Step-2: 2-((4-fluorophenyl)(piperidin-1-yl)methyl)-5-(2-methyl-[1,1′-biphenyl]-3-yl)-1,3,4-oxadiazole (2a): In a clean dried screw cap vial with magnetic stir bar, a mixture of 2-(3-bromo-2-methylphenyl)-5-((4-fluorophenyl) (piperidin-1-yl)methyl)-1,3,4-oxadiazole (1 equiv), phenylboronic acid (2 equiv) and PdCl2(dppf)2-CH2C12 (3 mol %) were taken and purged once with Argon. The toluene (4.5 mL) as well as ethanol (1.5 mL) were added and purge the reaction mixture with Argon. Add 1.5 mL 1M NaHCO3 while purging and allow to stir at 80° C. for 45 minutes. The reaction progress was monitored by TLC. Upon completion of reaction, add ethyl acetate (20 mL) and wash with water (2×20 mL). The organic solvent was removed under reduced pressure and crude was purified by flash chromatography (0-60%, Hexane: Ethylacetate) to get transparent oily product.

Synthesis of 2b

In a clean dried screw cap vial with magnetic stir bar, a mixture of 2-(3-bromo-2-methylphenyl)-5-((4-fluorophenyl) (piperidin-l-yl)methyl)-1,3,4-oxadiazole (1 equiv), (2,3-dihydrobenzo [b] [1,4]dioxin-6-yl)boronic acid (2 equiv) and PdCl2(dppf)2-CH2Cl2 (3 mol %) were taken and purged once with Argon. The toluene (4.5 mL) as well as ethanol (1.5 mL) were added and purge the reaction mixture with Argon. Add 1.5 mL 1M NaHCO3 while purging and allow to stir at 80° C. for 45 minutes. The reaction progress was monitored by TLC. Upon completion of reaction, add ethyl acetate (20 mL) and wash with water (2×20 mL). The organic solvent was removed under reduced pressure and crude was purified by flash chromatography (0-60%, Hexane: Ethylacetate) to get transparent oily product.

Synthesis of 2c

Preparation of methyl N-(tert-butoxycarbonyl)-O-(tert-butyl)-D-serinate: A mixture of Boc-D-serine (1 eq), iodomethane (3 equiv) in DMF was stirred at room temperature for 2 hours. The ice-cold water was added to the reaction mixture and extracted with ethyl acetate. Then, organic layer was washed with water and ethyl acetate was removed in vacuo. The oily crude product was obtained quantitatively, and it used for the next step without further purification.

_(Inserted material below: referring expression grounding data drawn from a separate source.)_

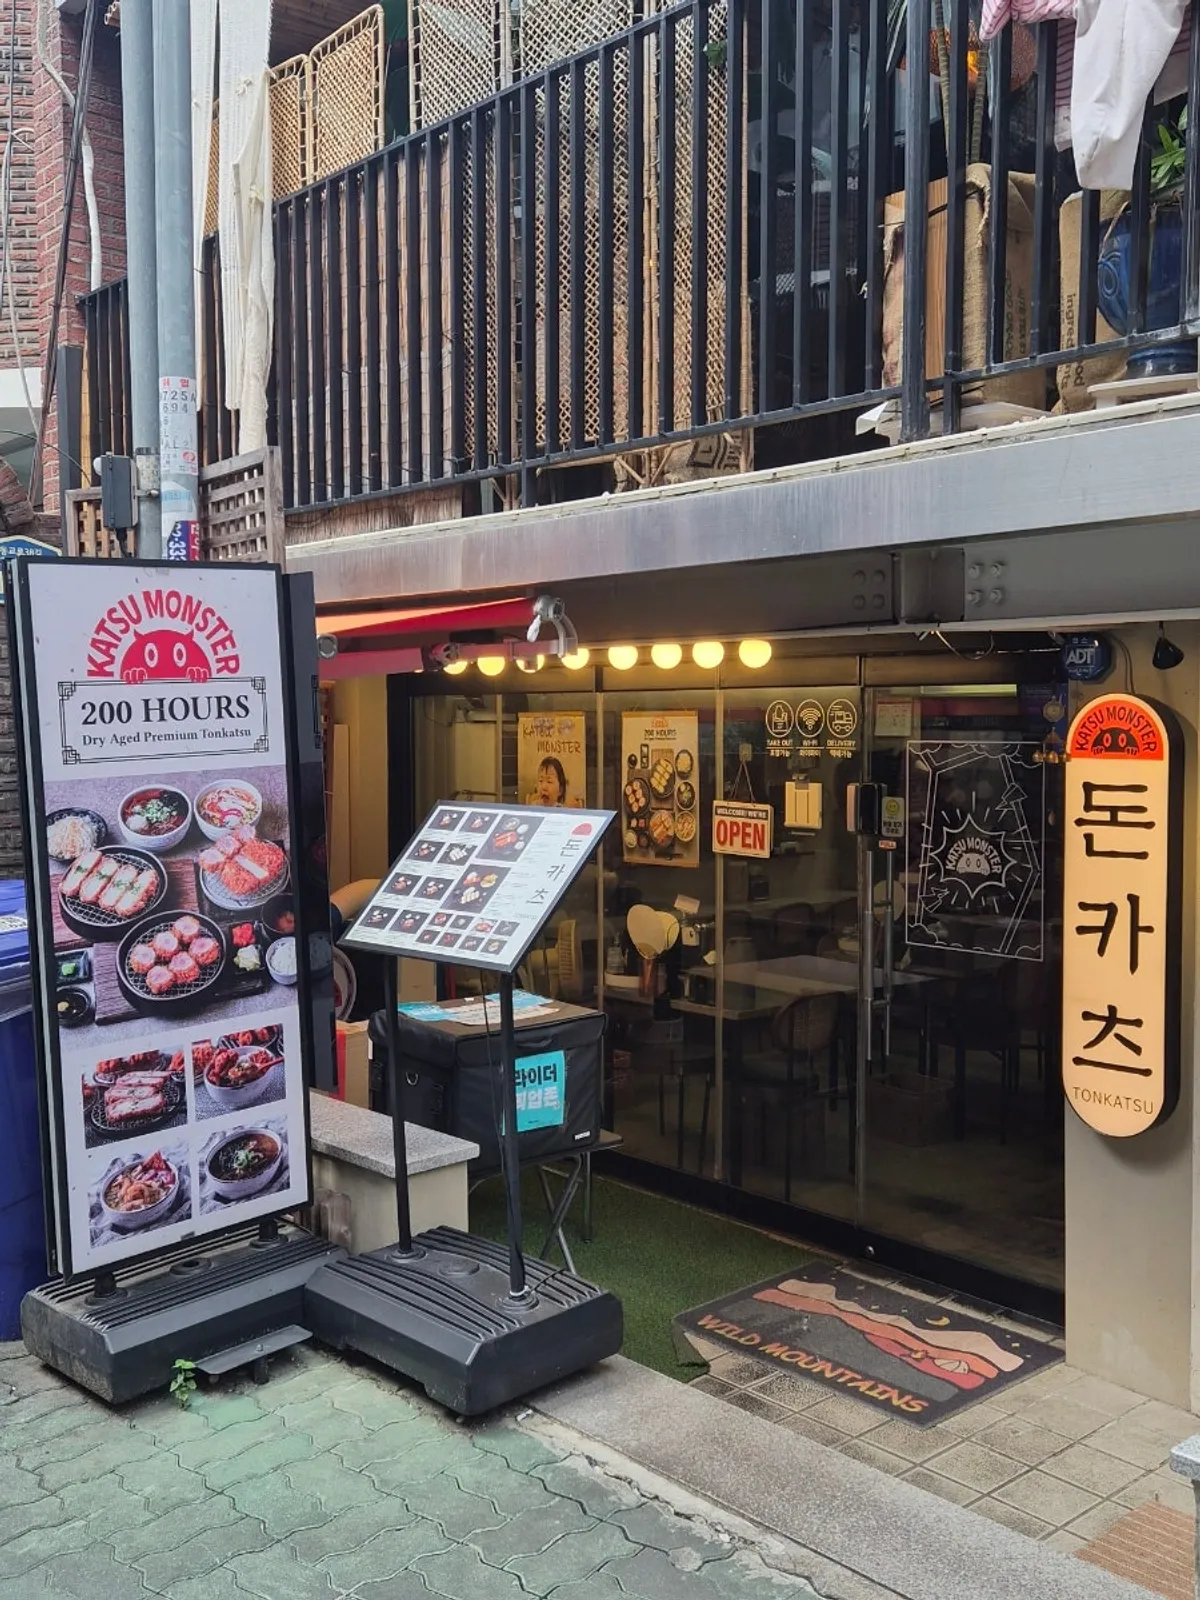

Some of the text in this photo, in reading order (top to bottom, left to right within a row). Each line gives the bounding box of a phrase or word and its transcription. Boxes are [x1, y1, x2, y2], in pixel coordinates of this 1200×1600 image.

[87, 589, 240, 677] KATSU MONSTER
[1065, 648, 1095, 664] ADT
[81, 694, 250, 725] 200 HOURS
[82, 727, 252, 748] Dry Aged Premium Tonkatsu
[1075, 705, 1158, 753] KATSU MONSTER
[537, 740, 581, 754] MONSTER
[716, 819, 765, 850] OPEN
[945, 837, 1003, 873] KATSU MONSTER
[1072, 781, 1156, 1077] 돈카츠
[1072, 1086, 1155, 1115] TONKATSU
[696, 1313, 930, 1414] WILD MOUNTAINS
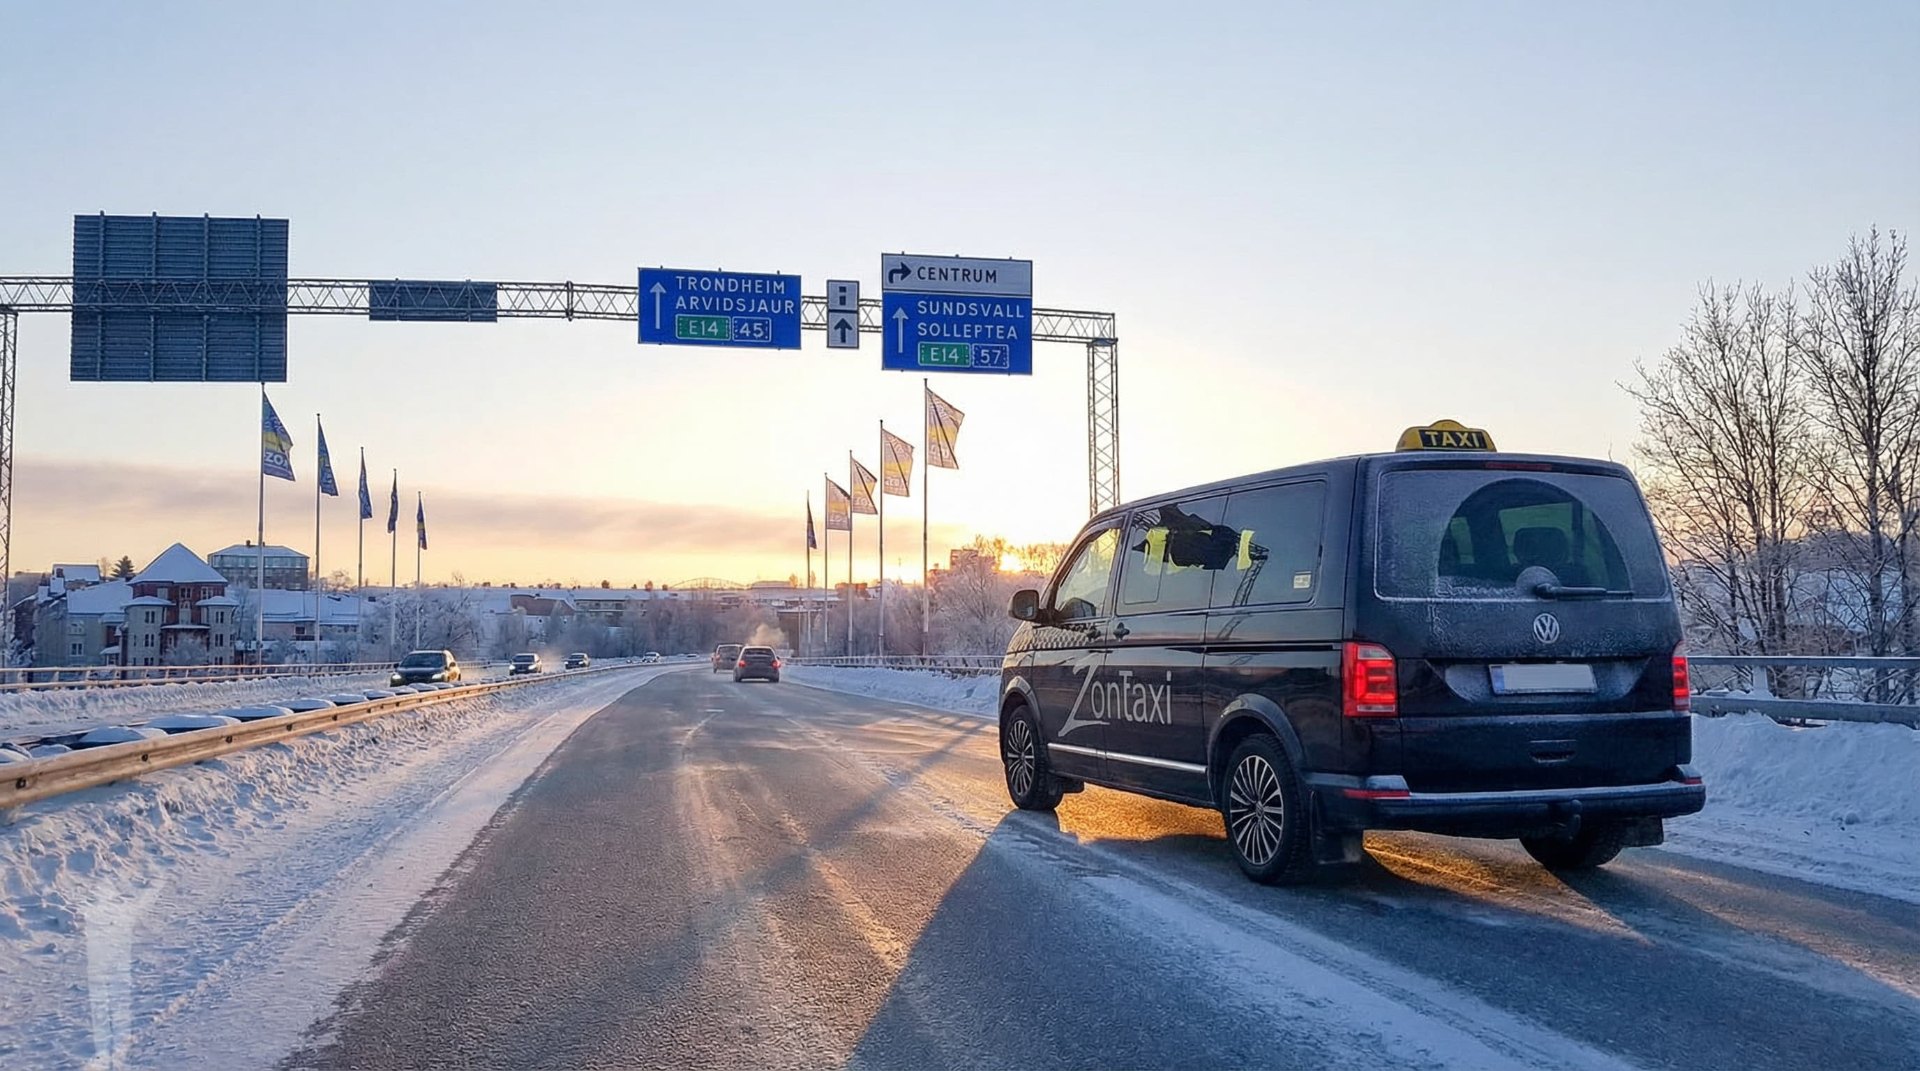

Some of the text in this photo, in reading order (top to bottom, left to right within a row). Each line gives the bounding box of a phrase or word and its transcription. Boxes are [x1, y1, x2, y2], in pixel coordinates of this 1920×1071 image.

[917, 266, 997, 284] CENTRUM
[675, 275, 785, 295] TRONDHEIM
[675, 295, 795, 314] ARVIDSJAUR
[917, 300, 1025, 319] SUNDSVALL
[689, 319, 764, 339] E14 45
[917, 322, 1019, 340] SOLLEPTEA
[930, 347, 1002, 364] E14 57
[1424, 431, 1480, 448] TAXI
[1533, 612, 1560, 644] VW

Preparation of tert-butyl (R)-(3-(tert-butoxy)-1-hydrazineyl-1-oxopropan-2-yl)carbamate: Hydrazine monohydrate (2 equiv) was added slowly to a mixture of methylester of Boc-D-serine (1 eq) in DCM kept in ice-bath. It was stirred at room temperature for 2 hours until white suspension was observed. The ice-cold water was added to the reaction mixture and extracted with ethyl acetate. Then, organic layer was washed with water and ethyl acetate was removed in vacuo. The white solid product was obtained quantitatively, and it used for the next step without further purification.

A mixture of 3-Bromo-2-methyl benzoic acid (1 equiv), EDCI (1.5 equiv), DIPEA (5 equiv) in DMF was stirred for 10 minutes and then tert-butyl (R)-(3-(tert-butoxy)-1-hydrazineyl-1-oxopropan-2-yl)carbamate (1 equiv) was added to the reaction mixture. It was allowed to stir at room temperature overnight. The reaction was monitored by TLC. The crude was extracted with Ethylacetate: ice-cold water and ethyl acetate layer was removed under reduced pressure. The product was purified by flash column chromatography using 0-60% Hexane: Ethylacetate to get white-solid (65% yield).

A mixture of tert-butyl (R)-(1-(2-(3-bromo-2-methylbenzoyl)hydrazineyl)-3-(tert-butoxy)-1-oxopropan-2-yl)carbamate (1 eq, 0.5 mmol), PPh3 (1.1 equiv), iodine (2 equiv), triethylamine (2 eq) in THF (5 mL) was stirred at room temperature overnight. The reaction was monitored by TLC. The product was purified by flash column chromatography using 0-60% Hexane: Ethylacetate to get oily product (78% yield).

A mixture of tert-butyl (R)-(1-(5-(3-bromo-2-methylphenyl)-1,3,4-oxadiazol yl)-2-(tert-butoxy)ethyl)carbamate (1 equiv), (2,3-dihydrobenzo [b][1,4]dioxin-6-yl)boronic acid (1.5 equiv), PdCl2(dppf).CH2Cl2 (3 mol %) in Toluene:Ethanol (1.5:0.5 mL) and purged twice with Argon. 1M NaHCO3 (1.5 mL) was added under inert atmosphere and it was allowed to stir at 80° C. for 45 mins. The reaction was monitored by TLC. The product was purified by flash column chromatography using 0-60% Hexane: Ethylacetate to get oily product (63% yield).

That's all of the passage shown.